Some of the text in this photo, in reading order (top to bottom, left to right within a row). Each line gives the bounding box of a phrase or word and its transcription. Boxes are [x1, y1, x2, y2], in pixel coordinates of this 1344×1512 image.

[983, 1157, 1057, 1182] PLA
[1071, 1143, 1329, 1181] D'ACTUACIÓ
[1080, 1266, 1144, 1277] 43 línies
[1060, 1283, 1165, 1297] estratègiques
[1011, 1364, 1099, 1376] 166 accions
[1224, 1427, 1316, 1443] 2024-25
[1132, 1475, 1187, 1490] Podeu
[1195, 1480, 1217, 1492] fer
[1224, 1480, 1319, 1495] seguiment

* * * * *

BRIEF ▸ Transcribe all of the data so that each line matches the source exactly.

RESULT OF THE EXERCISE ▸
Some of the text in this photo, in reading order (top to bottom, left to right within a row). Each line gives the bounding box of a phrase or word and its transcription. Boxes are [x1, y1, x2, y2], in pixel coordinates of this 1344×1512 image.

[983, 1157, 1057, 1182] PLA
[1071, 1143, 1329, 1181] D'ACTUACIÓ
[1080, 1266, 1144, 1277] 43 línies
[1060, 1283, 1165, 1297] estratègiques
[1011, 1364, 1099, 1376] 166 accions
[1224, 1427, 1316, 1443] 2024-25
[1132, 1475, 1187, 1490] Podeu
[1195, 1480, 1217, 1492] fer
[1224, 1480, 1319, 1495] seguiment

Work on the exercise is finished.